Collected data
#####

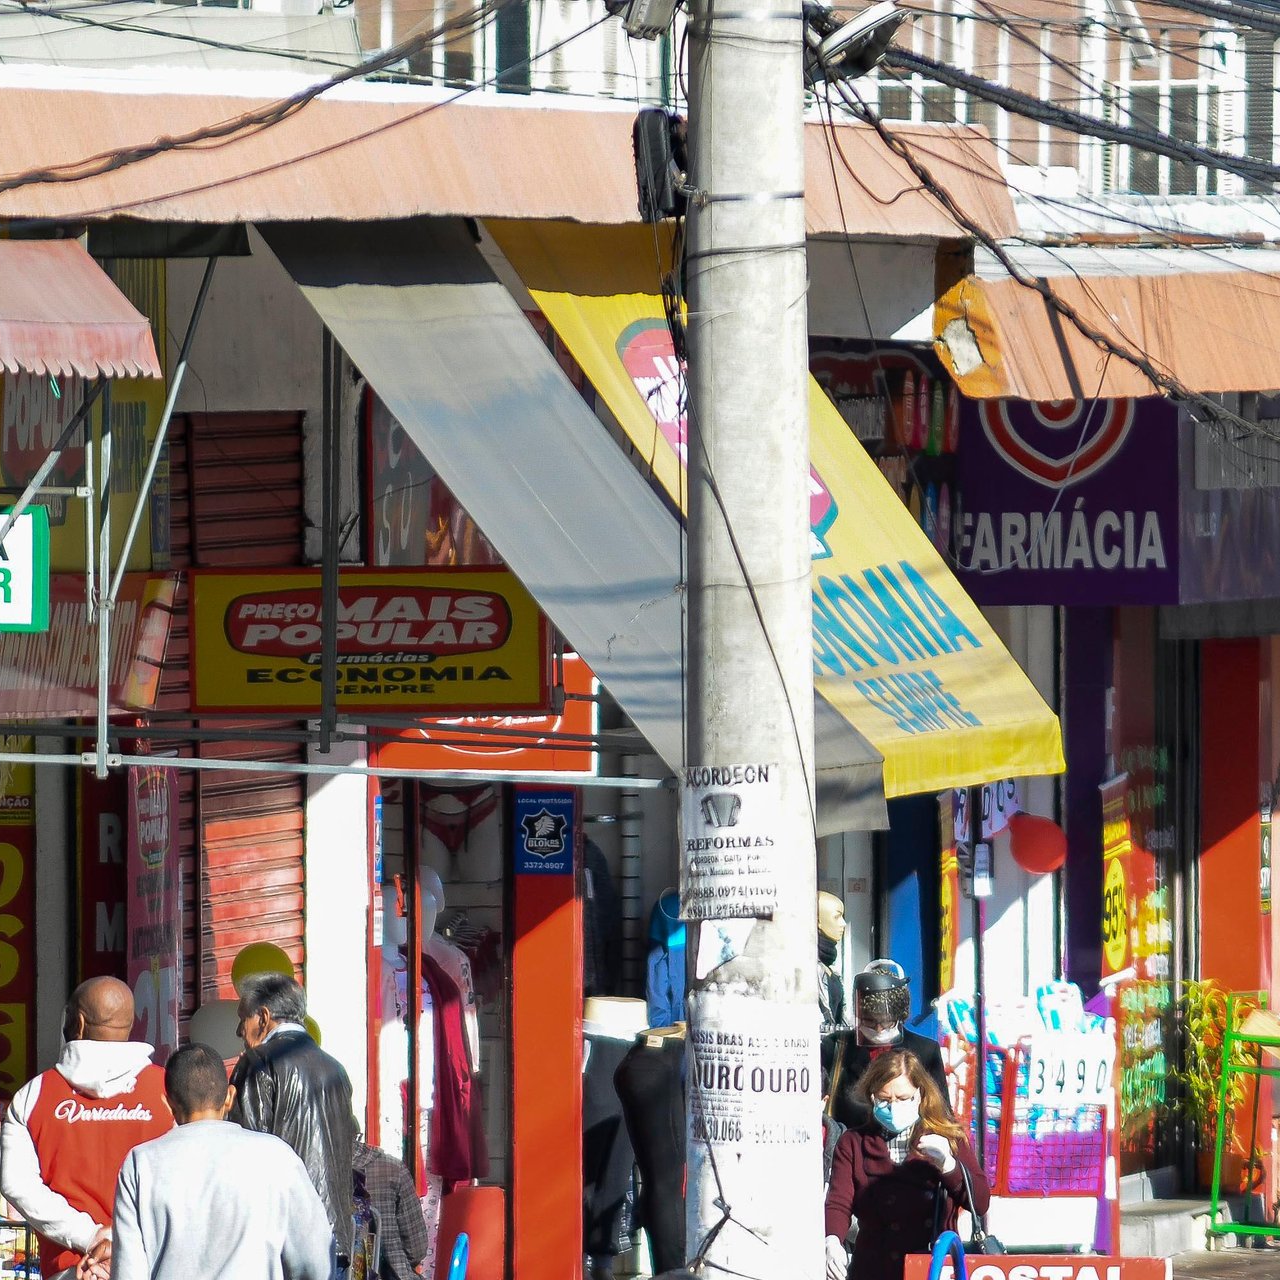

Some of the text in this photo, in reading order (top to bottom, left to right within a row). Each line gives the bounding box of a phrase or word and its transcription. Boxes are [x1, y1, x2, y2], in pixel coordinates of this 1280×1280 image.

[956, 497, 1167, 568] FARMÁCIA
[238, 596, 493, 623] PREÇO MAIS
[241, 622, 498, 647] POPULAR
[307, 652, 429, 665] Frmácias
[686, 764, 770, 788] ACORDEON
[686, 835, 775, 852] REFORMAS
[751, 1066, 810, 1093] OURO
[55, 1099, 153, 1122] Variedades

#####

# Your instructions:
The entries above should be retyped exactly, minus any pictures.

# Task answer:
Some of the text in this photo, in reading order (top to bottom, left to right within a row). Each line gives the bounding box of a phrase or word and its transcription. Boxes are [x1, y1, x2, y2], in pixel coordinates of this 1280×1280 image.

[956, 497, 1167, 568] FARMÁCIA
[238, 596, 493, 623] PREÇO MAIS
[241, 622, 498, 647] POPULAR
[307, 652, 429, 665] Frmácias
[686, 764, 770, 788] ACORDEON
[686, 835, 775, 852] REFORMAS
[751, 1066, 810, 1093] OURO
[55, 1099, 153, 1122] Variedades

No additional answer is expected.